* Work to complete: Reply with every entry, repeated exactly as given.

[Collection entries]
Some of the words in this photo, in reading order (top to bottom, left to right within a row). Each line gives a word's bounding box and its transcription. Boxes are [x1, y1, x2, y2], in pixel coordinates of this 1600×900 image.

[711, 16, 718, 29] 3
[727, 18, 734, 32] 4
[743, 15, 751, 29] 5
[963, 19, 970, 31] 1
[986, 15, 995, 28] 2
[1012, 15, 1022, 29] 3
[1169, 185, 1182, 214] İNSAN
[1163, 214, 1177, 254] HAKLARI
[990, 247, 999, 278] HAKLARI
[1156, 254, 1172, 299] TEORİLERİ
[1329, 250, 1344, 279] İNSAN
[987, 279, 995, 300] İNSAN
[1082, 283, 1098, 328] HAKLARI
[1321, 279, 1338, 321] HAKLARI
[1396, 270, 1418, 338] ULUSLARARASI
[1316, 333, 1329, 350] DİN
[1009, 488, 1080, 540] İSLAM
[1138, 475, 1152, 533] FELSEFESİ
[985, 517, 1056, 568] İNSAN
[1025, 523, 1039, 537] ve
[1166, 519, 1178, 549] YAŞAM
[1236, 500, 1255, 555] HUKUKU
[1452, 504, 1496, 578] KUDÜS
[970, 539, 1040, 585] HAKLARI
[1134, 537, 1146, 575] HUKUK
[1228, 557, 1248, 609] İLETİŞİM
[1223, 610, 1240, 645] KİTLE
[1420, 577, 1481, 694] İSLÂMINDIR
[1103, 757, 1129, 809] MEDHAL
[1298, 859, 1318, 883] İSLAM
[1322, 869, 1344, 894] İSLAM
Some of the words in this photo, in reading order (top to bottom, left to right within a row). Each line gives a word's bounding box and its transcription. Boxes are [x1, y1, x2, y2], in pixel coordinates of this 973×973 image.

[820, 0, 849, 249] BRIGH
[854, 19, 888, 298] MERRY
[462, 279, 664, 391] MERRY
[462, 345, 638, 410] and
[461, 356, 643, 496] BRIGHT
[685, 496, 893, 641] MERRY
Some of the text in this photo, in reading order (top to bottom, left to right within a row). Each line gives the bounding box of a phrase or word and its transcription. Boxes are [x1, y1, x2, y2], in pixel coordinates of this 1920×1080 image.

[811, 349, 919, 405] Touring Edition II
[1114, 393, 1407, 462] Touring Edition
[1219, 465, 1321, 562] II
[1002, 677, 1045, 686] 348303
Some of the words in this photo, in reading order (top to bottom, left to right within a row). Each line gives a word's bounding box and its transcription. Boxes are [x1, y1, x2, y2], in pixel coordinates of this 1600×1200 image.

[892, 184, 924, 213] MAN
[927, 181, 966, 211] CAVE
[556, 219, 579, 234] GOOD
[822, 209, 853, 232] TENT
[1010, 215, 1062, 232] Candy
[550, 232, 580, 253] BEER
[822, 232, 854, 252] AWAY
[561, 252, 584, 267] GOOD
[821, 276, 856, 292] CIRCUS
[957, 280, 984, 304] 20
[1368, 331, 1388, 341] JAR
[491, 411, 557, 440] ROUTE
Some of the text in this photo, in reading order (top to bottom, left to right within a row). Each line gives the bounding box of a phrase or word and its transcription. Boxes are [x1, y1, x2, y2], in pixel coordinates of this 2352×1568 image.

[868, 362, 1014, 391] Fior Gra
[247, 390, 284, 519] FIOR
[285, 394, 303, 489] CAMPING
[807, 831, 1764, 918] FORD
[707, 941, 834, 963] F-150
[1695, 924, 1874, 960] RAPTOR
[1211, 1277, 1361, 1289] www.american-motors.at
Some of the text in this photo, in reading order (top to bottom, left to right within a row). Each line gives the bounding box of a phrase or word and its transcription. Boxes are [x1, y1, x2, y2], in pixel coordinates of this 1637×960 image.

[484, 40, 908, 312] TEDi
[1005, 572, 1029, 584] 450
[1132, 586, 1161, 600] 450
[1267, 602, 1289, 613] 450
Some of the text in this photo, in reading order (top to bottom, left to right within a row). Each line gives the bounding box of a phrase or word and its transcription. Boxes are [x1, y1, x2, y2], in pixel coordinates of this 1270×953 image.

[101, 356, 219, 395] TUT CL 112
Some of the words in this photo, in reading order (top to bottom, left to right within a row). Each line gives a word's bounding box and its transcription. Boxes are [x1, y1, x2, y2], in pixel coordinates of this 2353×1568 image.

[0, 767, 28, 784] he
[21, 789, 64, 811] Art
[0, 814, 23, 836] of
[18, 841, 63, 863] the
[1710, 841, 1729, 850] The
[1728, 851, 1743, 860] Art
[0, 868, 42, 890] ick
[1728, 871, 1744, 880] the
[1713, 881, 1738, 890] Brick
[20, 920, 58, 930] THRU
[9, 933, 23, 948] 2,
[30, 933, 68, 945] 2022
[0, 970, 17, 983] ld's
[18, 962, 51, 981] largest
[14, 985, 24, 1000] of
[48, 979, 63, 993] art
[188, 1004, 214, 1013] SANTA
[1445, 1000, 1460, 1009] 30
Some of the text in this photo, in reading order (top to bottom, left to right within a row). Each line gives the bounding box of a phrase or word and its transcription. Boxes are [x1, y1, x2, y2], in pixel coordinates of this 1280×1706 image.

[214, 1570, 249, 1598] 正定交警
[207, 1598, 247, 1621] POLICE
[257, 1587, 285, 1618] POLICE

* Result for this task:
Some of the words in this photo, in reading order (top to bottom, left to right within a row). Each line gives a word's bounding box and its transcription. Boxes are [x1, y1, x2, y2], in pixel coordinates of this 1600×900 image.

[711, 16, 718, 29] 3
[727, 18, 734, 32] 4
[743, 15, 751, 29] 5
[963, 19, 970, 31] 1
[986, 15, 995, 28] 2
[1012, 15, 1022, 29] 3
[1169, 185, 1182, 214] İNSAN
[1163, 214, 1177, 254] HAKLARI
[990, 247, 999, 278] HAKLARI
[1156, 254, 1172, 299] TEORİLERİ
[1329, 250, 1344, 279] İNSAN
[987, 279, 995, 300] İNSAN
[1082, 283, 1098, 328] HAKLARI
[1321, 279, 1338, 321] HAKLARI
[1396, 270, 1418, 338] ULUSLARARASI
[1316, 333, 1329, 350] DİN
[1009, 488, 1080, 540] İSLAM
[1138, 475, 1152, 533] FELSEFESİ
[985, 517, 1056, 568] İNSAN
[1025, 523, 1039, 537] ve
[1166, 519, 1178, 549] YAŞAM
[1236, 500, 1255, 555] HUKUKU
[1452, 504, 1496, 578] KUDÜS
[970, 539, 1040, 585] HAKLARI
[1134, 537, 1146, 575] HUKUK
[1228, 557, 1248, 609] İLETİŞİM
[1223, 610, 1240, 645] KİTLE
[1420, 577, 1481, 694] İSLÂMINDIR
[1103, 757, 1129, 809] MEDHAL
[1298, 859, 1318, 883] İSLAM
[1322, 869, 1344, 894] İSLAM
Some of the words in this photo, in reading order (top to bottom, left to right within a row). Each line gives a word's bounding box and its transcription. Boxes are [x1, y1, x2, y2], in pixel coordinates of this 973×973 image.

[820, 0, 849, 249] BRIGH
[854, 19, 888, 298] MERRY
[462, 279, 664, 391] MERRY
[462, 345, 638, 410] and
[461, 356, 643, 496] BRIGHT
[685, 496, 893, 641] MERRY
Some of the text in this photo, in reading order (top to bottom, left to right within a row). Each line gives the bounding box of a phrase or word and its transcription. Boxes are [x1, y1, x2, y2], in pixel coordinates of this 1920×1080 image.

[811, 349, 919, 405] Touring Edition II
[1114, 393, 1407, 462] Touring Edition
[1219, 465, 1321, 562] II
[1002, 677, 1045, 686] 348303
Some of the words in this photo, in reading order (top to bottom, left to right within a row). Each line gives a word's bounding box and its transcription. Boxes are [x1, y1, x2, y2], in pixel coordinates of this 1600×1200 image.

[892, 184, 924, 213] MAN
[927, 181, 966, 211] CAVE
[556, 219, 579, 234] GOOD
[822, 209, 853, 232] TENT
[1010, 215, 1062, 232] Candy
[550, 232, 580, 253] BEER
[822, 232, 854, 252] AWAY
[561, 252, 584, 267] GOOD
[821, 276, 856, 292] CIRCUS
[957, 280, 984, 304] 20
[1368, 331, 1388, 341] JAR
[491, 411, 557, 440] ROUTE
Some of the text in this photo, in reading order (top to bottom, left to right within a row). Each line gives the bounding box of a phrase or word and its transcription. Boxes are [x1, y1, x2, y2], in pixel coordinates of this 2352×1568 image.

[868, 362, 1014, 391] Fior Gra
[247, 390, 284, 519] FIOR
[285, 394, 303, 489] CAMPING
[807, 831, 1764, 918] FORD
[707, 941, 834, 963] F-150
[1695, 924, 1874, 960] RAPTOR
[1211, 1277, 1361, 1289] www.american-motors.at
Some of the text in this photo, in reading order (top to bottom, left to right within a row). Each line gives the bounding box of a phrase or word and its transcription. Boxes are [x1, y1, x2, y2], in pixel coordinates of this 1637×960 image.

[484, 40, 908, 312] TEDi
[1005, 572, 1029, 584] 450
[1132, 586, 1161, 600] 450
[1267, 602, 1289, 613] 450
Some of the text in this photo, in reading order (top to bottom, left to right within a row). Each line gives the bounding box of a phrase or word and its transcription. Boxes are [x1, y1, x2, y2], in pixel coordinates of this 1270×953 image.

[101, 356, 219, 395] TUT CL 112
Some of the words in this photo, in reading order (top to bottom, left to right within a row). Each line gives a word's bounding box and its transcription. Boxes are [x1, y1, x2, y2], in pixel coordinates of this 2353×1568 image.

[0, 767, 28, 784] he
[21, 789, 64, 811] Art
[0, 814, 23, 836] of
[18, 841, 63, 863] the
[1710, 841, 1729, 850] The
[1728, 851, 1743, 860] Art
[0, 868, 42, 890] ick
[1728, 871, 1744, 880] the
[1713, 881, 1738, 890] Brick
[20, 920, 58, 930] THRU
[9, 933, 23, 948] 2,
[30, 933, 68, 945] 2022
[0, 970, 17, 983] ld's
[18, 962, 51, 981] largest
[14, 985, 24, 1000] of
[48, 979, 63, 993] art
[188, 1004, 214, 1013] SANTA
[1445, 1000, 1460, 1009] 30
Some of the text in this photo, in reading order (top to bottom, left to right within a row). Each line gives the bounding box of a phrase or word and its transcription. Boxes are [x1, y1, x2, y2], in pixel coordinates of this 1280×1706 image.

[214, 1570, 249, 1598] 正定交警
[207, 1598, 247, 1621] POLICE
[257, 1587, 285, 1618] POLICE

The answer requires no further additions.